Agreement testing theorems on layered set systems
Yotam Dikstein, Irit Dinur

TL;DR
This paper develops a new framework for agreement testing on layered set systems, extending previous high-dimensional expansion results to broader classes including matroids and Grassmann posets, with a novel random walk technique.
Contribution
It introduces a layered subset framework and a complement random walk, broadening agreement testing applicability beyond simplicial complexes and low-degree polynomials.
Findings
Agreement tests for high dimensional expanders in all dimensions.
Extension of agreement testing to matroids and neighborhood complexes.

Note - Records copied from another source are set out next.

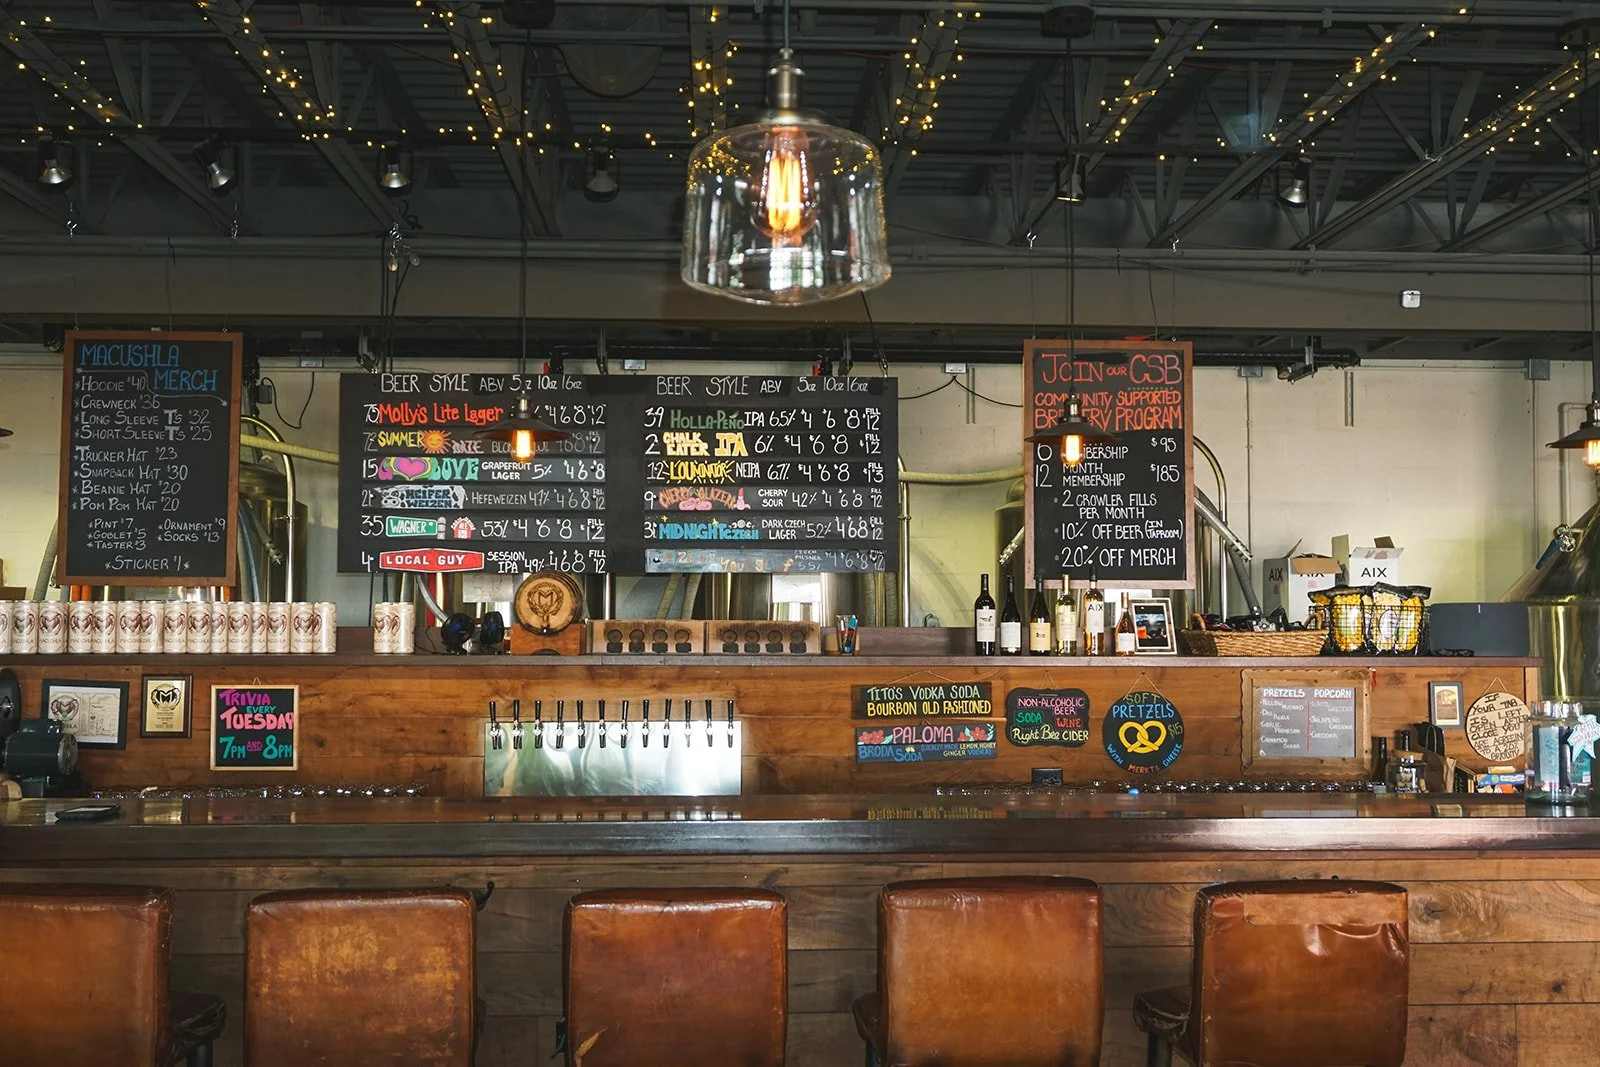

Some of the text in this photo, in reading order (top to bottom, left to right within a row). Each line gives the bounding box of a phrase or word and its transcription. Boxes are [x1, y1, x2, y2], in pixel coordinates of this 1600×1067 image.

[80, 344, 179, 367] MACUSHLA
[1042, 354, 1182, 384] JOIN OUR CSB
[81, 376, 145, 391] HOODIE $40
[153, 369, 217, 391] MERCH
[382, 374, 420, 392] BEER
[430, 373, 469, 392] STYLE
[480, 377, 504, 391] ABV
[657, 376, 692, 395] BEER
[706, 376, 749, 396] STYLE
[760, 380, 781, 393] ABV
[81, 394, 160, 409] CREWNECK $36
[1116, 391, 1181, 406] SUPPORTED
[81, 413, 110, 424] LONG
[115, 411, 159, 424] SLEEVE
[433, 403, 459, 423] Lite
[464, 402, 504, 426] Lager
[744, 412, 764, 427] IPA
[1116, 406, 1182, 431] PROGRAM
[80, 425, 122, 440] SHORT
[122, 427, 165, 440] SLEEVE
[378, 431, 424, 447] SUMMER
[663, 432, 774, 456] CHALK IPA 6%
[667, 443, 710, 456] EATER
[1151, 437, 1176, 453] $95
[75, 446, 124, 462] TRUCKER
[127, 449, 148, 461] HAT
[80, 464, 188, 479] SNAPBACK HAT $30
[482, 462, 531, 470] GRAPEFRUIT
[736, 463, 760, 478] NEIPA
[492, 471, 520, 479] LAGER
[1036, 463, 1179, 487] 12 MONTH $185
[1063, 473, 1125, 486] MEMBERSHIP
[81, 481, 181, 494] BEANIE HAT $20
[406, 489, 526, 504] HEIFER HEFEWEIZEN
[1062, 490, 1157, 506] 2 GROWLER FILLS
[80, 498, 179, 511] POM POM HAT $20
[1080, 508, 1144, 519] PER MONTH
[94, 519, 117, 529] PINT
[163, 519, 212, 531] ORNAMENT
[390, 519, 426, 533] WAGNER
[659, 520, 806, 539] MIDNIGHT CZECH DARK CZECH
[1062, 522, 1143, 539] 10% OFF BEER
[93, 531, 131, 539] GOBLET
[164, 532, 198, 541] SOCKS
[769, 530, 796, 539] LAGER
[95, 541, 133, 549] TASTER
[112, 555, 168, 570] STICKER
[387, 551, 525, 564] LOCAL GUY SESSION
[1062, 546, 1176, 567] 20% OFF MERCH
[498, 562, 518, 573] IPA
[1269, 568, 1282, 580] AIX
[1361, 568, 1387, 577] AIX
[219, 689, 270, 705] TRIVIA
[867, 685, 980, 701] TITO'S VODKA SODA
[1126, 693, 1160, 704] SOFT
[1264, 689, 1305, 697] PRETZELS
[1314, 689, 1351, 698] POPCORN
[1485, 693, 1500, 703] IF
[868, 700, 991, 716] BOURBON OLD FASHIONED
[1018, 699, 1084, 707] NON-ALCOHOLIC
[1112, 703, 1174, 718] PRETZELS
[1473, 704, 1495, 715] YOUR
[220, 706, 294, 729] TUESDAY
[1016, 712, 1080, 728] SODA WINE
[1470, 708, 1521, 725] IS LEFT
[1012, 724, 1088, 743] Right Bee CIDER
[1470, 721, 1497, 732] OPEN
[1502, 723, 1520, 734] YOU
[893, 726, 953, 744] PALOMA
[220, 735, 292, 759] 7PM AND 8PM
[858, 746, 894, 758] BRODA
[894, 748, 922, 761] SODA
[1108, 744, 1182, 766] WITH CHEESE
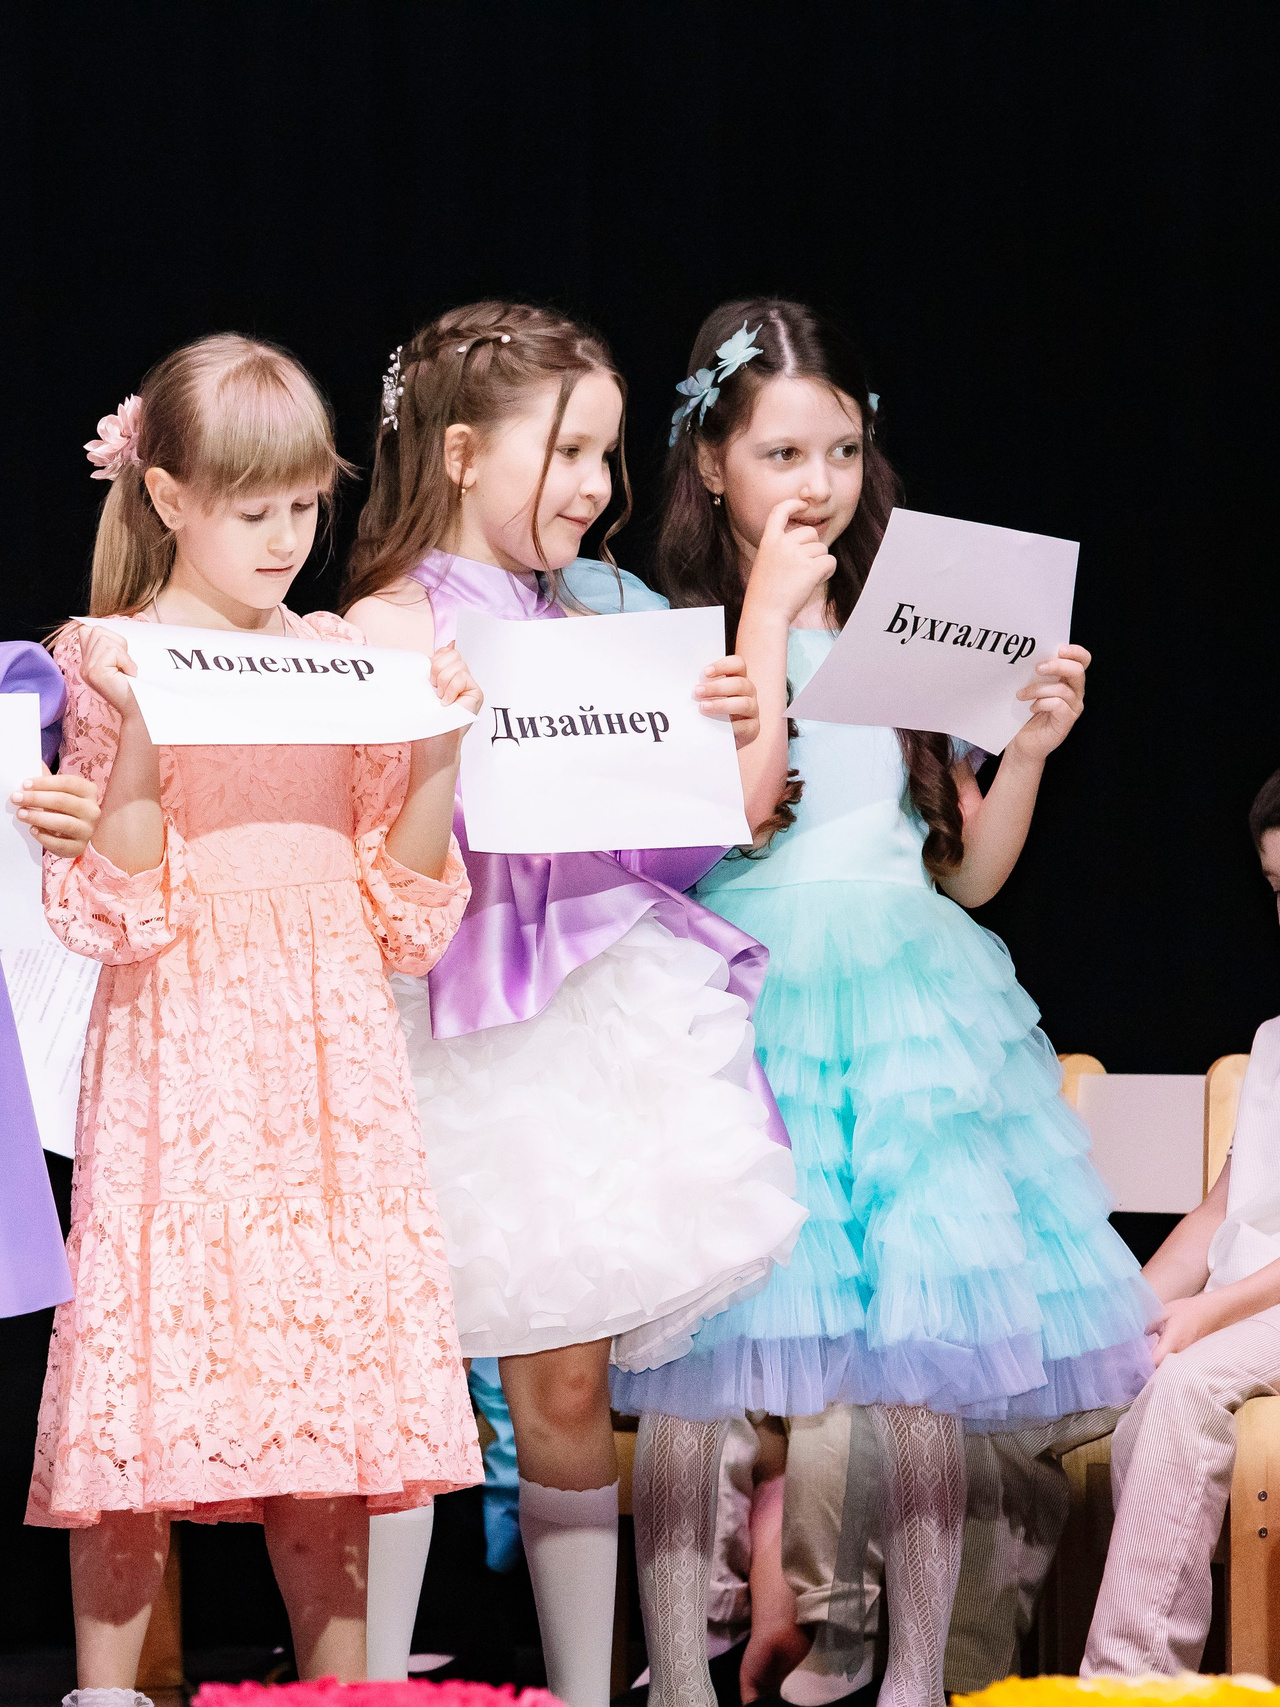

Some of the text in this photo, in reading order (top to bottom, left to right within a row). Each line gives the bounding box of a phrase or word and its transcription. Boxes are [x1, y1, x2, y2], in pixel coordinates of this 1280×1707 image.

[882, 601, 1037, 665] Бухгалтер
[166, 647, 375, 682] Модельер
[489, 704, 670, 747] Дизайнер
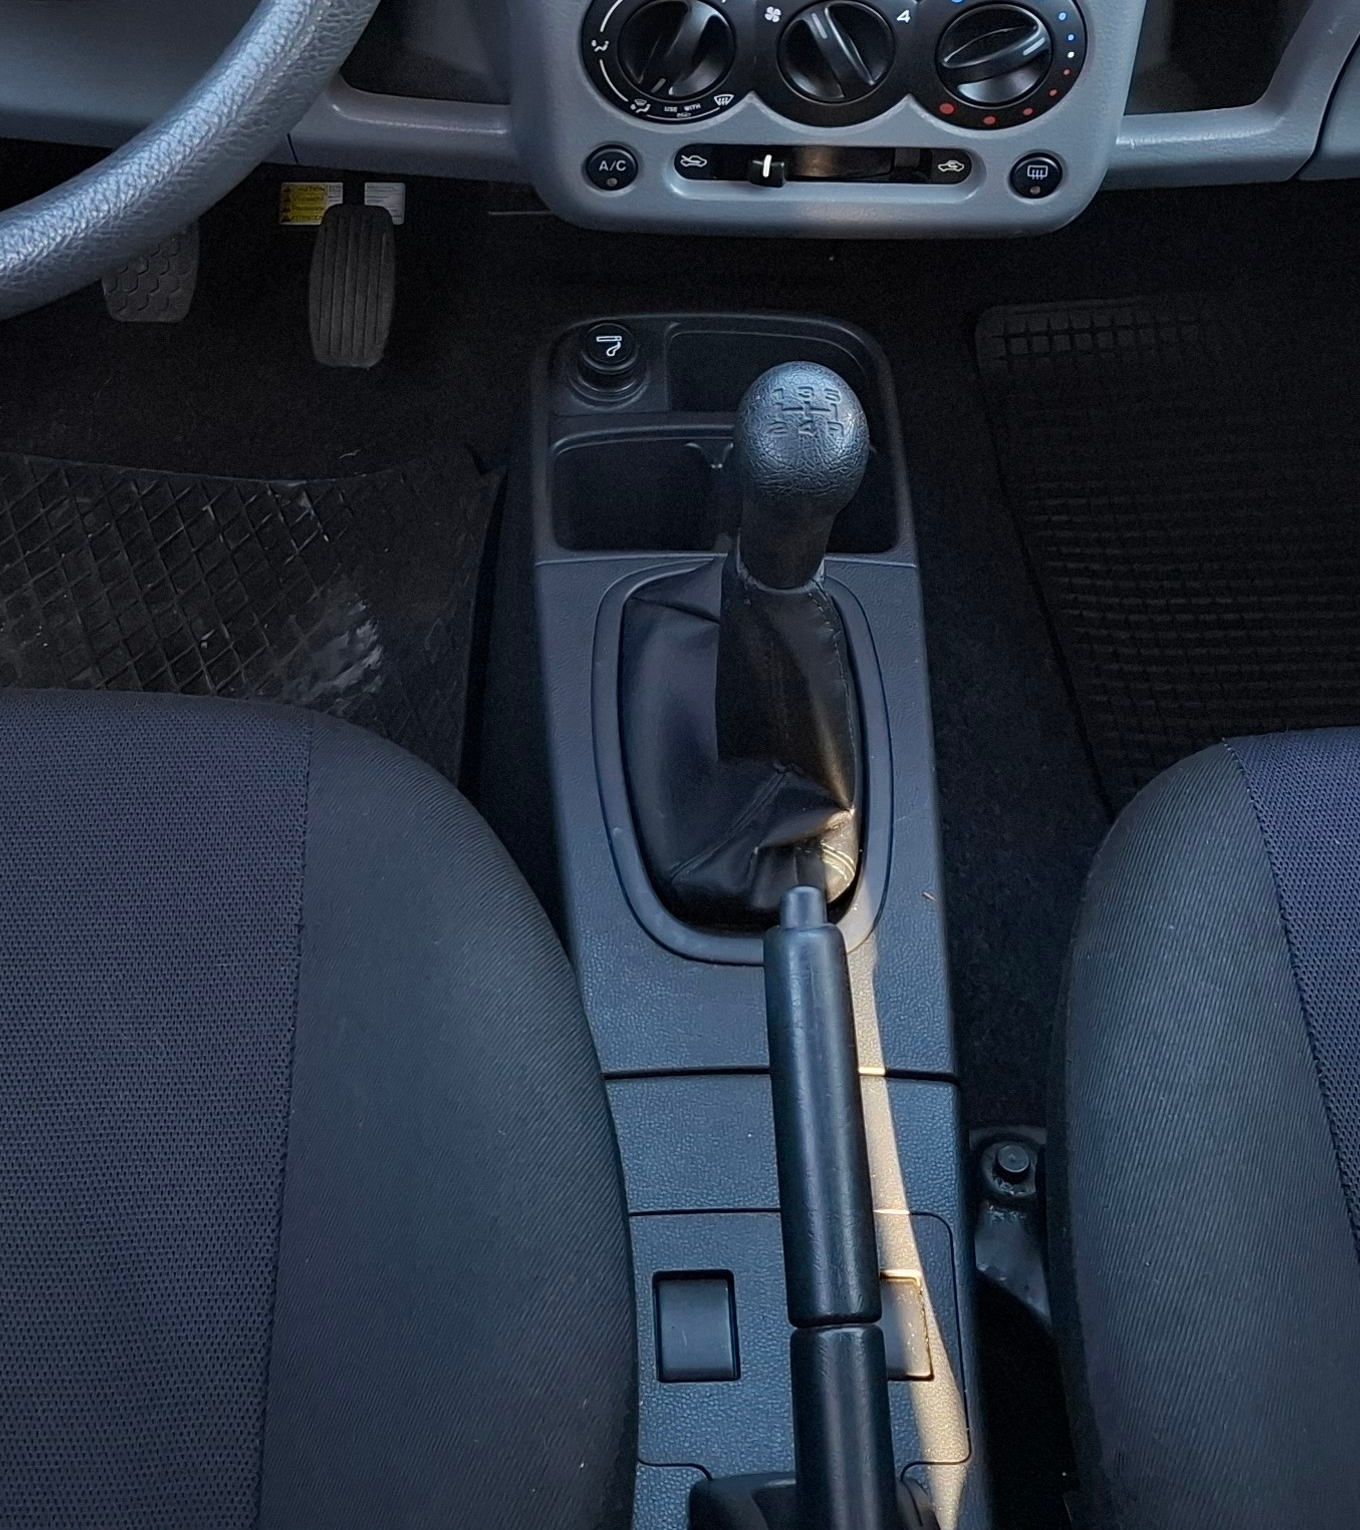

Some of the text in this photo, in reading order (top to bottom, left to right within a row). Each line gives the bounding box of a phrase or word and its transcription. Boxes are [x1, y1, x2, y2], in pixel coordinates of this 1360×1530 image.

[896, 9, 911, 23] 4
[598, 158, 627, 173] A/C
[798, 385, 814, 399] 3

Introduction of the complement random walk with superior expansion properties.
Abstract
We introduce a framework of layered subsets, and give a sufficient condition for when a set system supports an agreement test. Agreement testing is a certain type of property testing that generalizes PCP tests such as the plane vs. plane test. Previous work has shown that high dimensional expansion is useful for agreement tests. We extend these results to more general families of subsets, beyond simplicial complexes. These include - Agreement tests for set systems whose sets are faces of high dimensional expanders. Our new tests apply to all dimensions of complexes both in case of two-sided expansion and in the case of one-sided partite expansion. This improves and extends an earlier work of Dinur and Kaufman (FOCS 2017) and applies to matroids, and potentially many additional complexes. - Agreement tests for set systems whose sets are neighborhoods of vertices in a high dimensional…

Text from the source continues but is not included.